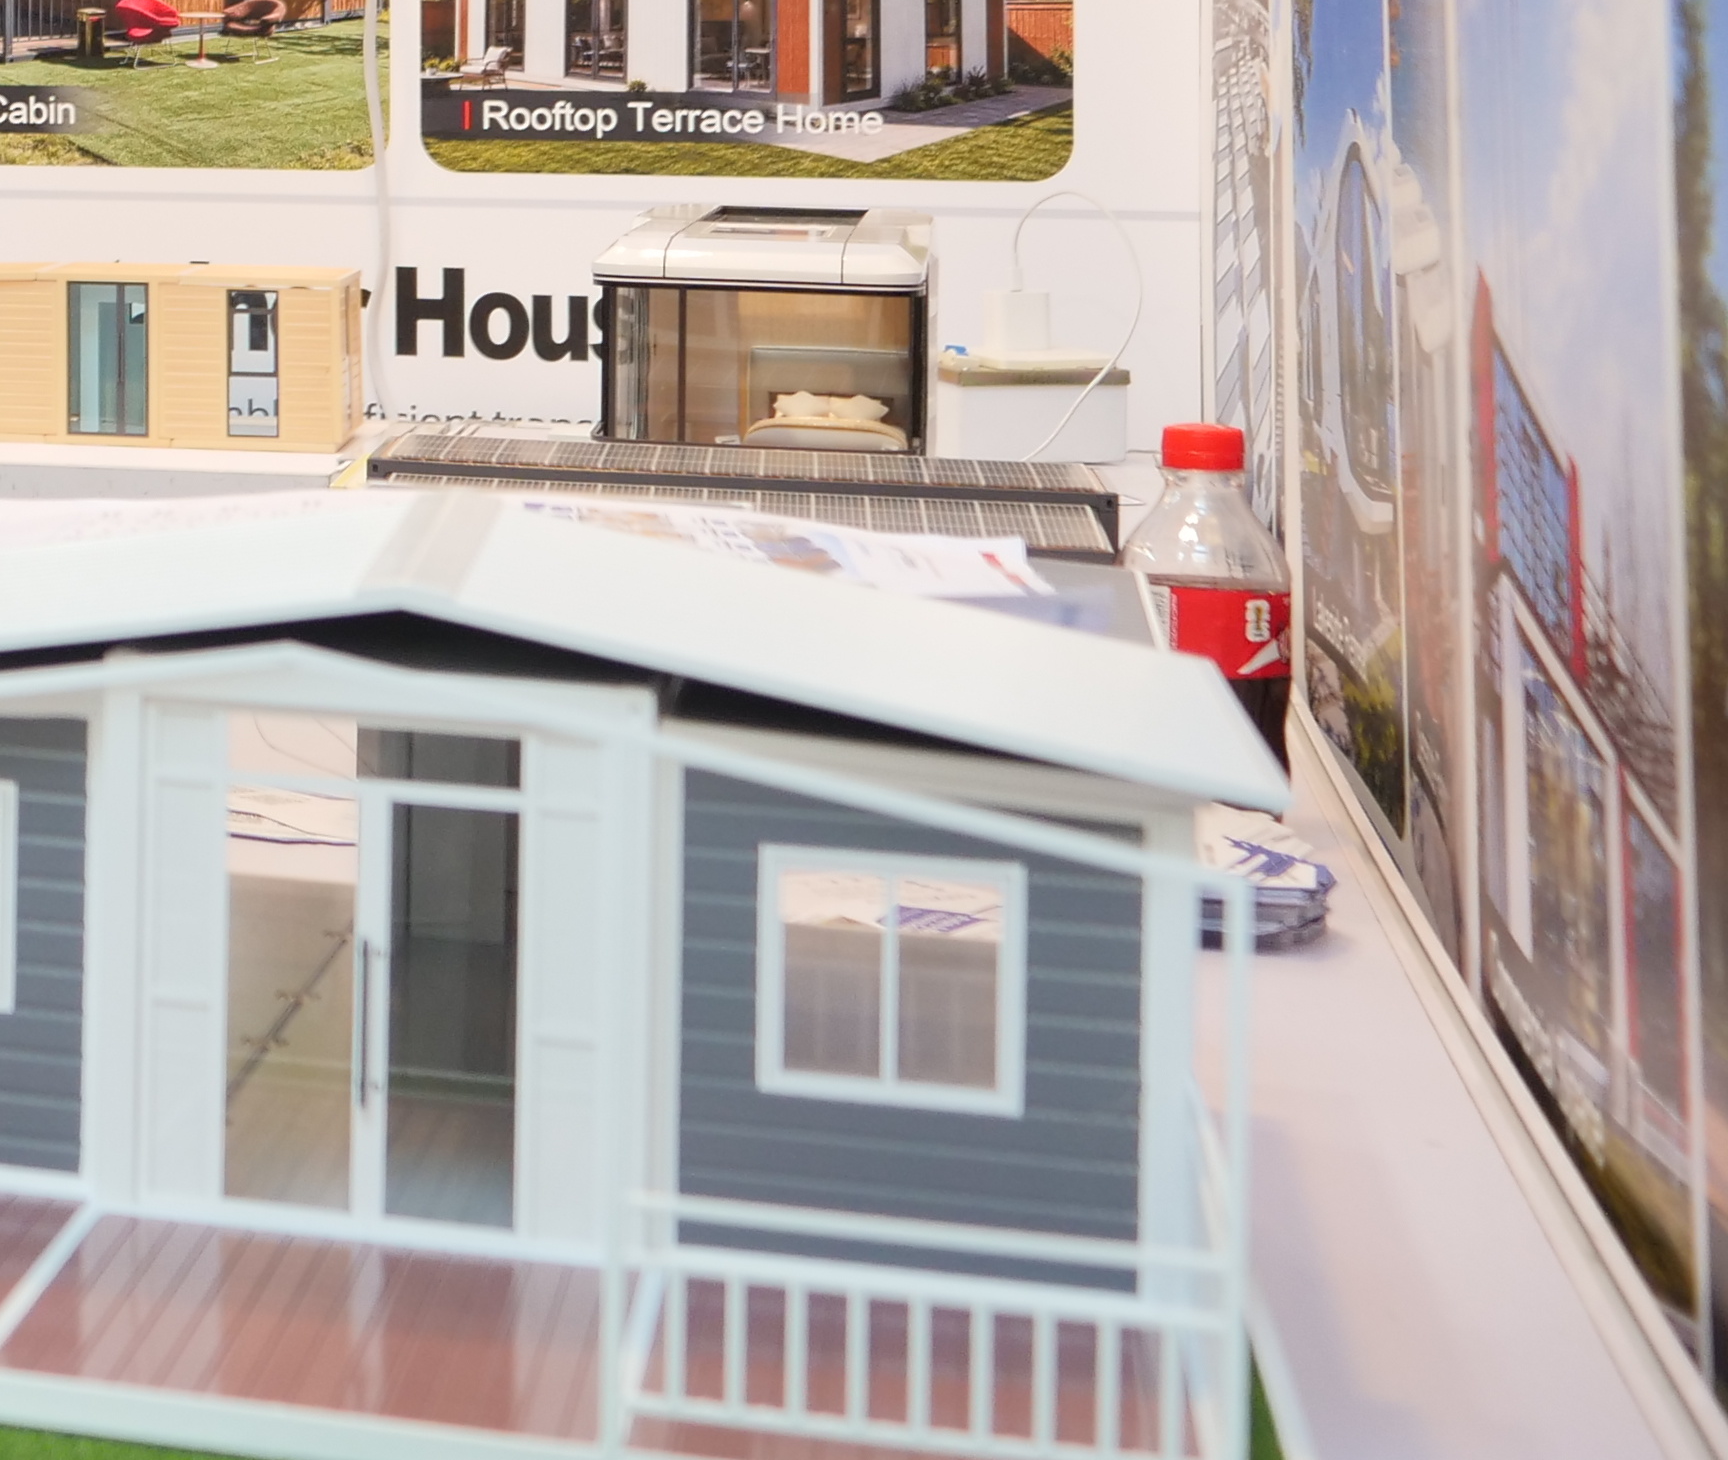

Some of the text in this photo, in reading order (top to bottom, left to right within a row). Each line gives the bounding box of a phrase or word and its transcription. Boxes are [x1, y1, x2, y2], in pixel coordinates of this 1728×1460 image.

[481, 101, 883, 138] Rooftop Terrace Home
[395, 266, 604, 362] Hou
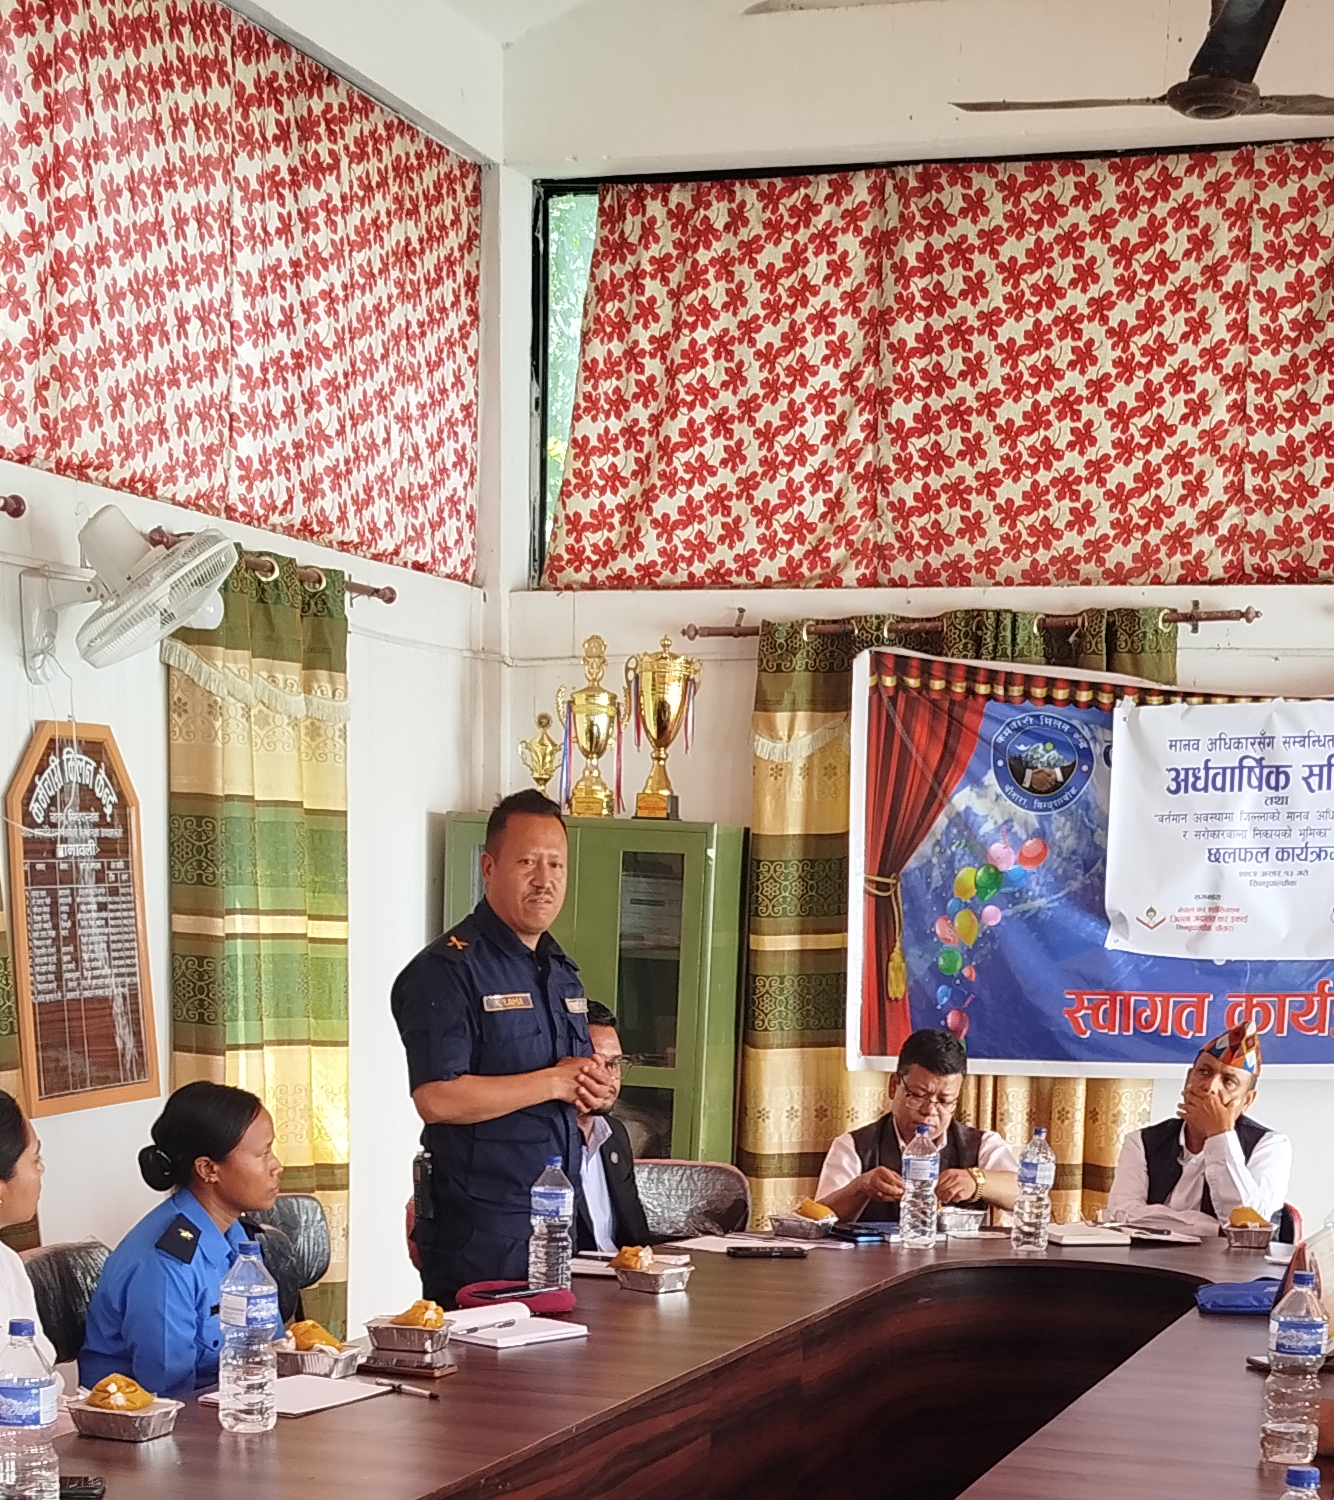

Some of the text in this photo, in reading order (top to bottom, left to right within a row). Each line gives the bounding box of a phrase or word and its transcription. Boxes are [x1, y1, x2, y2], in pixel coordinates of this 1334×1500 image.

[1168, 738, 1201, 752] मानव
[1207, 729, 1276, 753] अधिकारसँग
[1166, 755, 1293, 795] अर्धवार्षिक
[29, 756, 64, 824] कर्मचारी
[1264, 795, 1289, 806] तथा
[1194, 812, 1234, 823] अवस्थामा
[1286, 811, 1310, 821] मानव
[1207, 846, 1270, 864] छलफल
[1063, 989, 1213, 1039] स्वागत
§ §
WORK TASK - Starting from the line containing "this 1334×1500 image.", repeat each line through the end of the entries, exactly.

SOLUTION -
Some of the text in this photo, in reading order (top to bottom, left to right within a row). Each line gives the bounding box of a phrase or word and its transcription. Boxes are [x1, y1, x2, y2], in pixel coordinates of this 1334×1500 image.

[1168, 738, 1201, 752] मानव
[1207, 729, 1276, 753] अधिकारसँग
[1166, 755, 1293, 795] अर्धवार्षिक
[29, 756, 64, 824] कर्मचारी
[1264, 795, 1289, 806] तथा
[1194, 812, 1234, 823] अवस्थामा
[1286, 811, 1310, 821] मानव
[1207, 846, 1270, 864] छलफल
[1063, 989, 1213, 1039] स्वागत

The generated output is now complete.